The pattern feels right to me, libSQL/Turso seem to show it working in production, Cloudflare shows a zero-ops version — and the major clouds, AWS most of all, haven't shipped the managed tier that would make adopting it boring.

Design for the gravity

It compounds. As the desktop gets stronger, the browser follows: WASM, OPFS, Web Workers, WebGPU turn the tab from a display surface into a local runtime — which is why a real SQLite file persisting inside a browser tab stopped being exotic. Stronger local execution pulls more state local, and local state pulls SQLite in.

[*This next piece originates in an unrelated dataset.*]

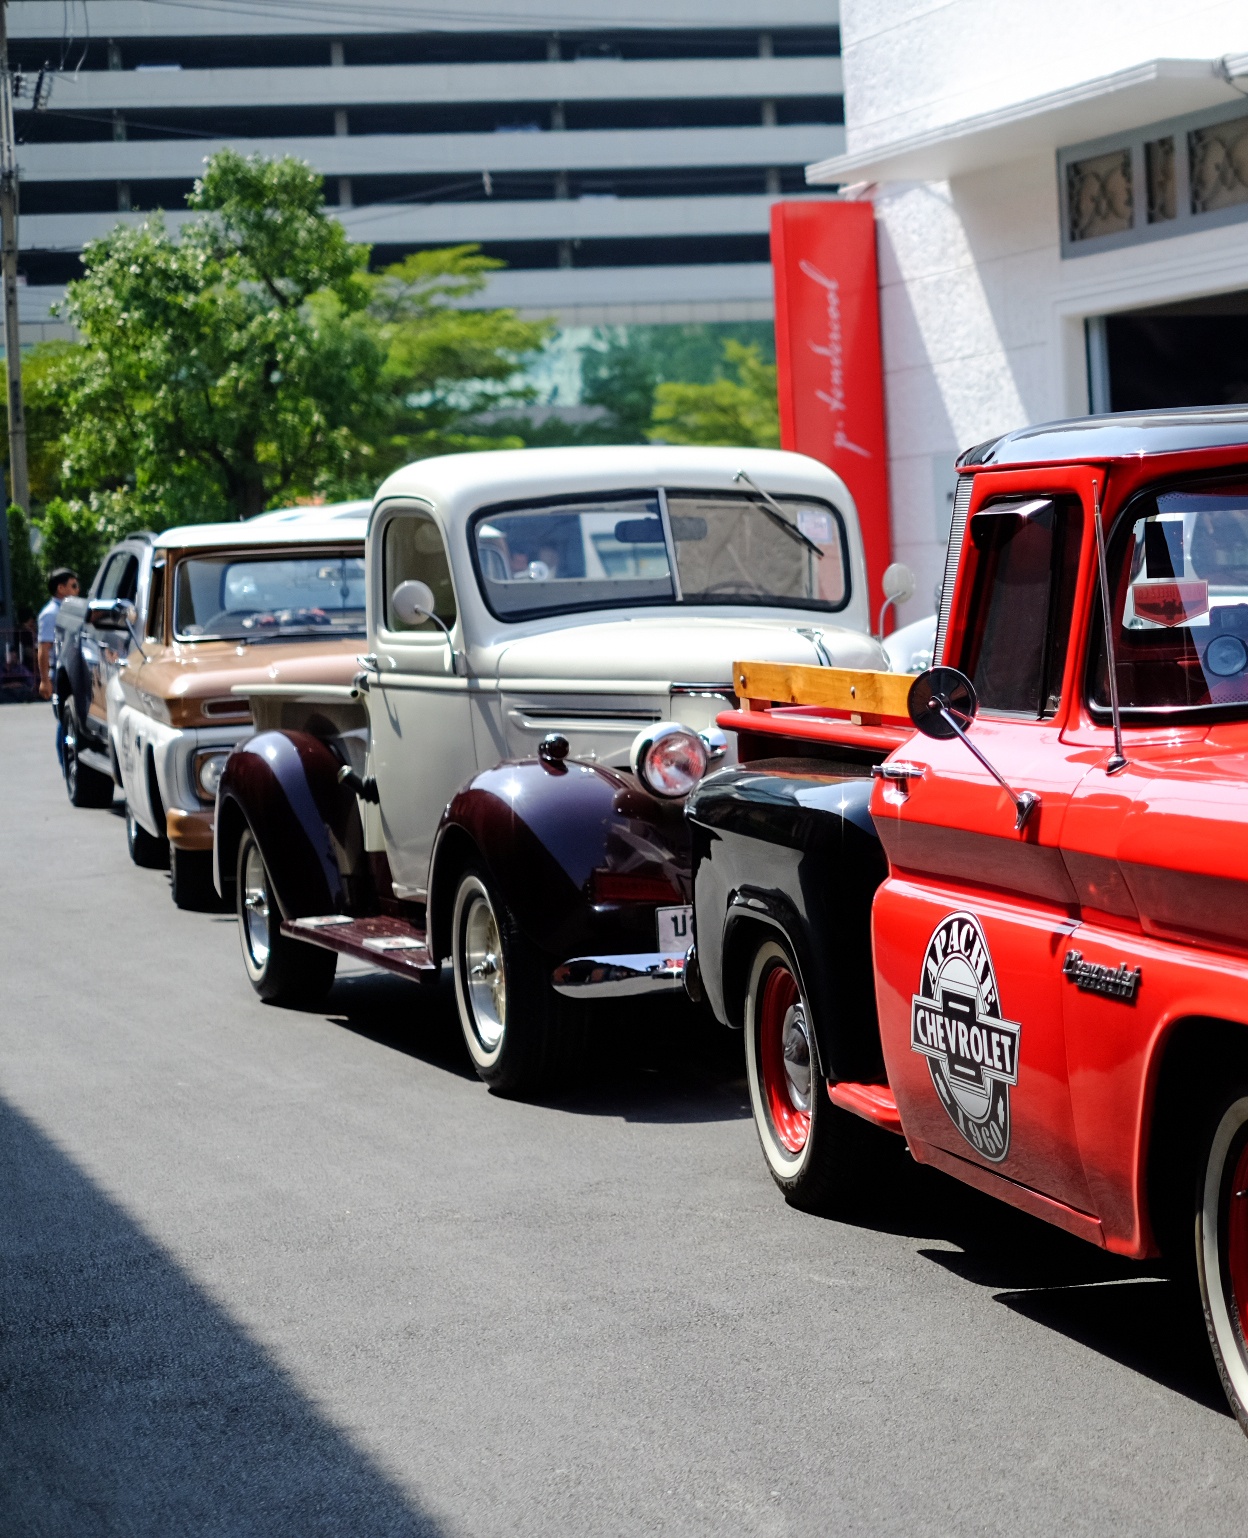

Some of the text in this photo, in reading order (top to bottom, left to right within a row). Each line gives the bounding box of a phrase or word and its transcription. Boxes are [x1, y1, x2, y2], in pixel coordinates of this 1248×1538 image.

[926, 920, 997, 1013] APACHE
[916, 1008, 1012, 1073] CHEVROLET
[956, 1105, 1004, 1155] 1960
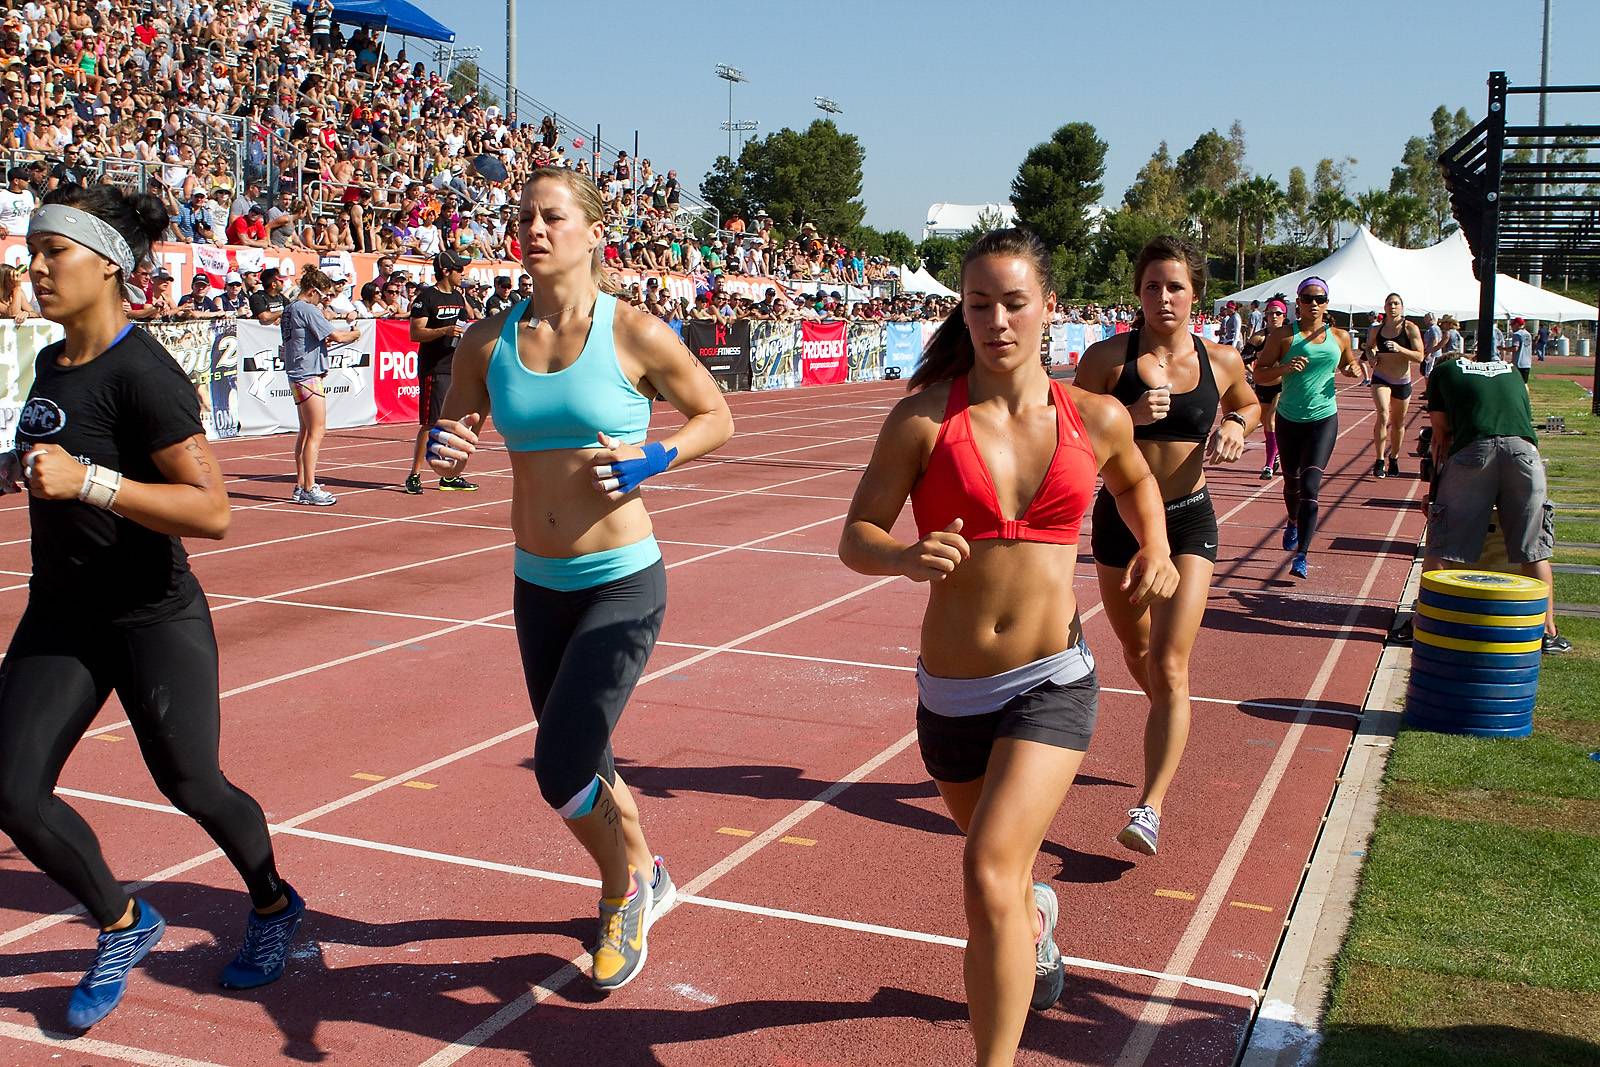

Desktop agents, the browser becoming a runtime, database-per-tenant, the SQLite revival — to me these don't feel like separate trends so much as one shift seen from different angles: the writer moving back to the edge, the tooling finally giving the edge a real database, and state following. It all feels connected — though that's a hunch I hold loosely, not a thesis I'd defend to the death.

Postgres can be the vault again. SQLite, per tenant and per agent, becomes the workbench. An event log carries the difference.

That's the pull I keep feeling — designing for it a bit more, out of habit a bit less, and still figuring out the edges.